Sometimes when I am asked to do an educational talk by a drug company, they wish to know what my thoughts are about their product or even to check the content of my talk. Colleagues have told me that they have been told they will not be invited to talk if their attitudes are not supportive of the company’s product. Clearly this is unacceptable but very difficult to detect and expose.

There are, however, areas of massive conflict of interest where doctors make decisions or recommendations that have large influence both on the practise of medicine and their incomes.

Possibly the most glaring example is in the area of interventional cardiology. Interventional cardiology includes the practise of inserting stents into blocked or narrowed coronary arteries.
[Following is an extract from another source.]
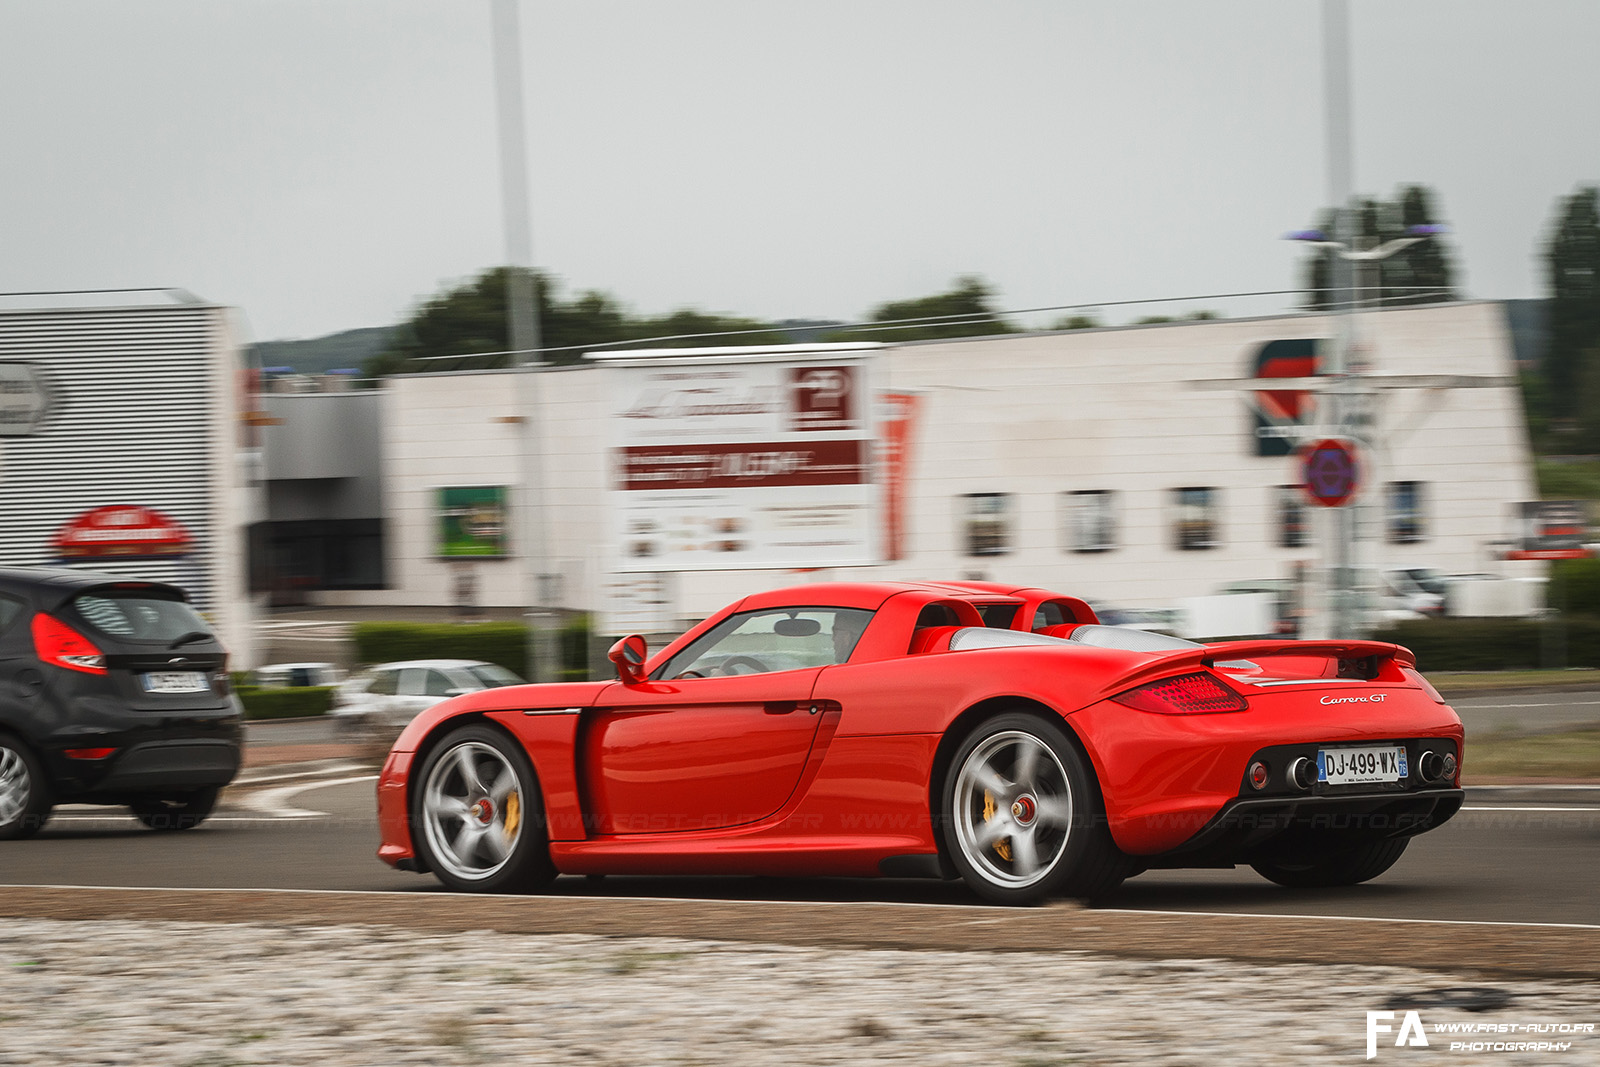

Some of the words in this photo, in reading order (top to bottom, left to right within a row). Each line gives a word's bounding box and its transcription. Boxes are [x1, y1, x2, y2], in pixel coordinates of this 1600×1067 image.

[1320, 695, 1369, 705] Carrera
[1369, 693, 1388, 703] GT
[1325, 752, 1398, 776] DJ-499-WX
This practise is widespread and probably the single most expensive procedural item on the commonwealth health bill. Guidelines for deploying the procedure are written mostly by the proceduralists themselves who make in some cases over a million dollars per year from this activity.

An example will serve to illustrate the point. A personal friend recently attended a GP with a history highly suggestive of stable angina. He only had chest tightness on exertion and had not started any medication. He was referred to a leading cardiologist at one of Melbourne’s leading private hospitals. Without any discussion he had an angiogram and a stent was inserted into his coronary artery.

The cost of this procedure was $6000 for which he was not covered by insurance.

He was not told by the cardiologist that extensive randomised trials have found that stents provide no survival benefit nor do they reduce the risk of heart attacks. He was also not told that he would be obliged to take 2 antiplatelet drugs for at least 12 months which would expose him to a higher risk of bleeding, and were he to need urgent surgery for an unrelated condition he would be exposed to a very significant risk of having an acute blockage of his stent. The appropriate treatment of this patient is to have active risk factor management and aggressive cholesterol lowering.

Now this is not an isolated example, I suspect it is pretty much standard care, but of course statistics are not readily available on this form of malpractice.

Similarly, guidelines for the management of certain types of heart attacks are strongly in favour of early intervention and stenting. These guidelines are written predominantly by proceduralists and ignore recent evidence that early stenting does not reduce risk.

The same can be said for coronary bypass surgery which as an industry is largely being replaced by stenting. The only properly conducted randomised trials into bypass surgery are over 20 years old, showed only small benefit in a subgroup of patients and did not include any of the medical treatments that have dramatically changed the outcome for these patients. These procedures are very useful at reducing angina but many patients are told or believe that they are having it to reduce their risk of death or heart attack.

The history of medicine has many shining examples benefitting mankind and reducing suffering.

Parallel to this is the presence of massive profiteering from procedures which appear rational but which are later proved to be of no benefit. Examples include routine tonsillectomy, circumcision, hysterectomys, Caesarean section, radical mastectomy, and prostate cancer screening.

However in terms of cost to the community the cardiac interventional industry probably takes the cake.